Posted September 29, 1999


Edward Tolman

Psychology Professor Edward Tolman, who led the fight against the loyalty oath, was fired by the Regents. In 1964, they named Tolman Hall in his honor.

In 1949, in the midst of the McCarthy era, UC administrators proposed, and the Board of Regents quickly adopted, an anti-communist oath for all University of California employees to sign. The loyalty oath provoked an extended battle that rocked the institution. Thirty-one "non-signer" faculty and scores of teaching assistants, student employees and staff ultimately lost their jobs. The professors who had been dismissed sued and won reinstatement by the California Supreme Court.

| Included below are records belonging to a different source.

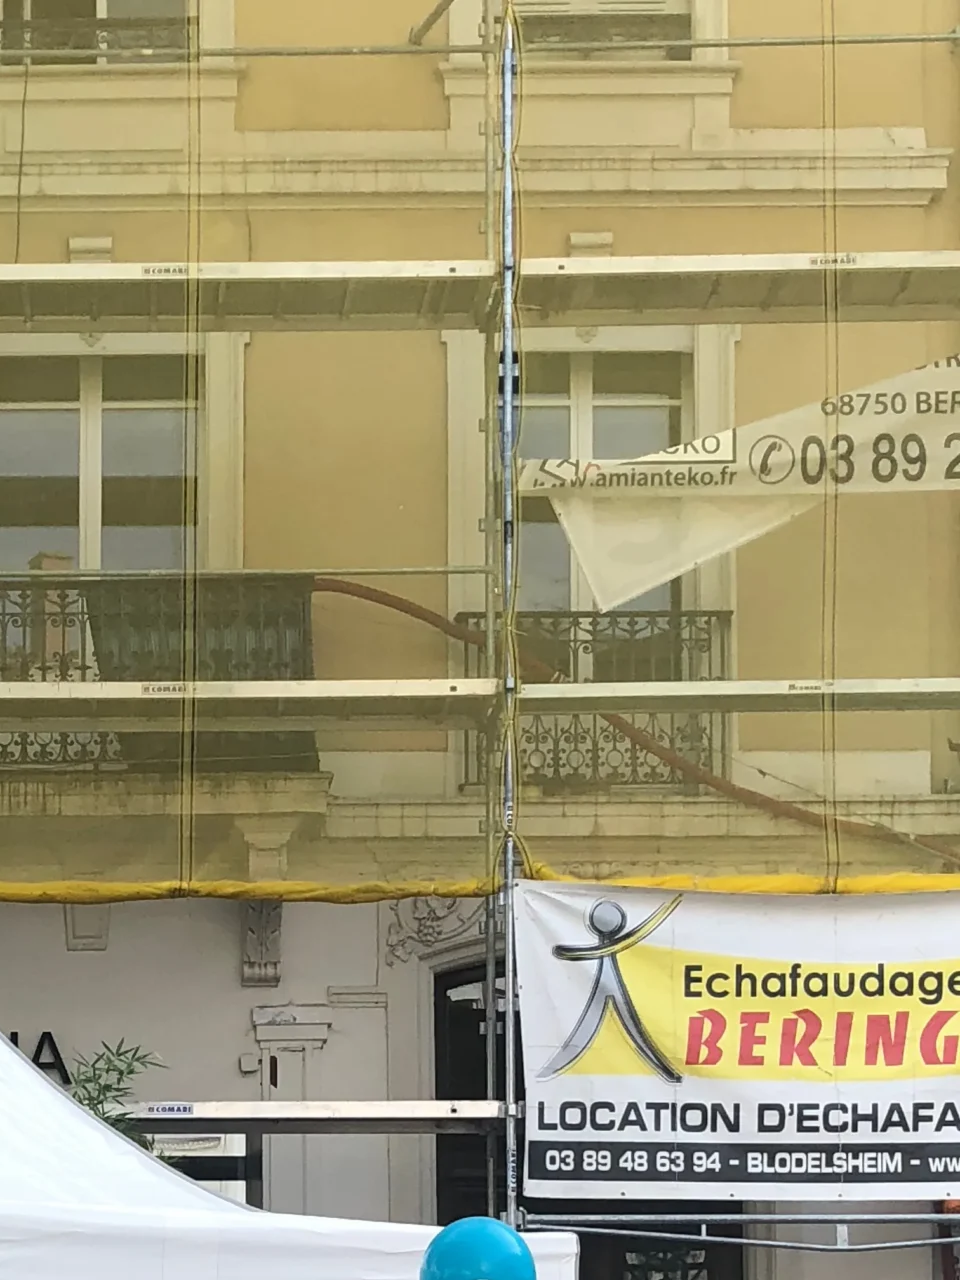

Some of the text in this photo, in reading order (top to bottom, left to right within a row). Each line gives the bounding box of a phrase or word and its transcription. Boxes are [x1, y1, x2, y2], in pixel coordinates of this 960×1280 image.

[820, 391, 907, 416] 68750
[800, 433, 855, 485] 03
[872, 432, 927, 483] 89
[684, 1008, 960, 1067] BERING
[536, 1101, 740, 1134] LOCATION
[545, 1150, 574, 1171] 03
[582, 1150, 611, 1172] 89
[619, 1150, 648, 1172] 48
[655, 1151, 685, 1172] 63
[692, 1151, 722, 1172] 94
[746, 1151, 903, 1174] BLODELSHEIM

On the 50th anniversary of those traumatic times, a two-day symposium and a series of related events on the Berkeley campus will commemorate the loyalty oath controversy and issues it raises -- including academic freedom and tenure, anti-communism and university governance.

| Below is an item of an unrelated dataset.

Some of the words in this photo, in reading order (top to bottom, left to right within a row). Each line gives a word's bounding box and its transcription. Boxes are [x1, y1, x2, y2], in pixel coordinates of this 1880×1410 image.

The retrospective is organized by the University History Project and the Center for Studies in Higher Education, with a number of co-sponsors.

All events are free and open to the public.

Loyalty Oath Symposium
Oct. 7-8, Booth Auditorium
Boalt School of Law

The centerpiece of the loyalty oath retrospective will be a free two-day symposium to explore the history of the oath and its meaning today.

On Thursday, Oct. 7, the symposium opens at 1:30 p.m. with introductory remarks by Chancellor Berdahl. An address on "Academic Freedom During the McCarthy Years" by Ellen Schrecker, editor of Academe magazine, will follow.

Three past UC Presidents who were intimately connected to the oath controversy will be panelists: "non-signer" David Saxon, who was on the physics faculty at UCLA; Clark Kerr, who was involved in the Berkeley Academic Senate's efforts to resolve the dispute; and David Gardner, who wrote a history of the period. The Thursday event ends at 5 p.m.

Friday's program, from 1 to 4:30 p.m., features five professors who resisted the oath -- Howard Bern, Gordon Griffiths, Charles Muscatine, David Saxon and Howard Schachman.

Panelist discussing politics and higher education will include UC President Emeritus Jack Peltason, Berkeley Academic Senate Chirman Robert Spear, and Professor David Littlejohn, chairman of the Academic Senate Committee on Academic Freedom.

Art Exhibit - Margaret Peterson
Sept. 27-Oct. 20
Townsend Center for the Humanities
220 Stephens Hall, lobby
Margaret Peterson refused to sign the oath and separated from the Berkeley Art Department. A noted painter, she specialized in imagery of the Pacific Northwest.

Sather Tower History Exhibit
October 7 - Ongoing
Sather Tower Lobby
An exhibit of documents, artifacts and photographs related to the oath.

University History Project Website
http://www.ishi.lib.berkeley.edu/cshe
This Web site contains a growing archive of documents and other materials chronicling the oath controversy, as well as a complete schedule of loyalty oath symposium events and speakers.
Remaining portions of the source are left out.